Dubai: Dubai’s logistics major Aramex was hit by a 32 per cent drop in net profits for the first quarter of 2021, with Dh46.01 million compared to Dh67.41 million a year ago,
This was despite international and domestic express volumes totaling 31.59 million, which is a 26 per cent increase over last year. “The decline in operating profit and EBITDA was impacted by an increase in line haul costs on the back of global capacity constraints caused by supply chain disruptions due to the pandemic,” said Bashar Obeid, CEO. “The capacity shortage during the quarter was further exacerbated as the global COVID-19 vaccines transportation and distribution gathered pace.
"The downward pressure on margins will likely continue for the remainder of the year. However, [this] will slowly start to abate as we continue to explore ways and redesigning our line haul network. Also, our strategic focus of investing in our digital transformation will continue to drive down costs and enhance profitability over the long run.”
Aljeda has been with the company since 1994 and set up Aramex’s first regional office in Asia and spearheaded its expansion plans in the region, establishing hubs in Hong Kong and Singapore. In 2015, he led its “first successful acquisition”, of Mail Call in Australia. In 2016, Othman was also involved with the acquisition of Fastway Couriers in Australia and New Zealand.
But on the revenue front, Aramex has done well, with Dh1.42 billion from a 24 per cent increase. It has also been keeping a lid on costs and debt, reporting a negative net debt position of Dh353 million.
This indicates a “strong cash balance as at 31 March.
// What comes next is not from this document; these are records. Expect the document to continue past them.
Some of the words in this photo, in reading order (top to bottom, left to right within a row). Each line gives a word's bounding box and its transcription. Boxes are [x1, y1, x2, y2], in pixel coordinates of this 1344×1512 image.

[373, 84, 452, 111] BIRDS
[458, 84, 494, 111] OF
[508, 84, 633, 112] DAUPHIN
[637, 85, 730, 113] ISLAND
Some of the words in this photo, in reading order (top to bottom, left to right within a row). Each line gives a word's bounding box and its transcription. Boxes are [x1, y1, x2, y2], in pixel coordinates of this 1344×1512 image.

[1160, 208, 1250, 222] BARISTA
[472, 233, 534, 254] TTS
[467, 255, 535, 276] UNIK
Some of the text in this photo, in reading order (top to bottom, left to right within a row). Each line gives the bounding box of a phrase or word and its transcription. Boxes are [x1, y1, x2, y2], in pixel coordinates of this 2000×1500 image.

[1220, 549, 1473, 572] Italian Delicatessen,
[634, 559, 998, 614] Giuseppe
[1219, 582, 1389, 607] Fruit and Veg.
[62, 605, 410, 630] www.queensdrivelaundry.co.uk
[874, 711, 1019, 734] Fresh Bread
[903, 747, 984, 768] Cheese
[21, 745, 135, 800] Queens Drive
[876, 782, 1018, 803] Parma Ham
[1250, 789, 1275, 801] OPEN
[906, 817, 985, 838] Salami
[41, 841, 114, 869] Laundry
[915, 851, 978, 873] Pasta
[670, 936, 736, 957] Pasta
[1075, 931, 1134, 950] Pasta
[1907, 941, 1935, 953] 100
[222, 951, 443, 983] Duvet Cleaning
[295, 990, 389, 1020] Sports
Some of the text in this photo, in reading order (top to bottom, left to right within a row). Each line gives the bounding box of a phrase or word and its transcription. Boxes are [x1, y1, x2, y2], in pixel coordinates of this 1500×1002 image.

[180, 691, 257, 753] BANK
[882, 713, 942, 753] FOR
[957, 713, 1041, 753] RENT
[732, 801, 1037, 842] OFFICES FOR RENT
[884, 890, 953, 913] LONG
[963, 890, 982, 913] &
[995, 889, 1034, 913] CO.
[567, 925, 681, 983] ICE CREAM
This solid financial position enables the company to continue investing in scaling operations, rolling out digital solutions and swiftly executing on future opportunities, including value-enhancing acquisitions,” the company said in a statement.
According to Obeid, "In Q1-2021 we witnessed revenue growth across all our business lines, an indication that the global economy is staging a gradual recovery and that business and consumer confidence is improving. We are very encouraged by the double-digit growth in our revenues, which was predominantly driven by healthy increase in demand from cross border e-commerce and last-mile services.
"The top line growth was also driven by strong recovery in our B2B services lines, particularly from the healthcare and FMCG sectors."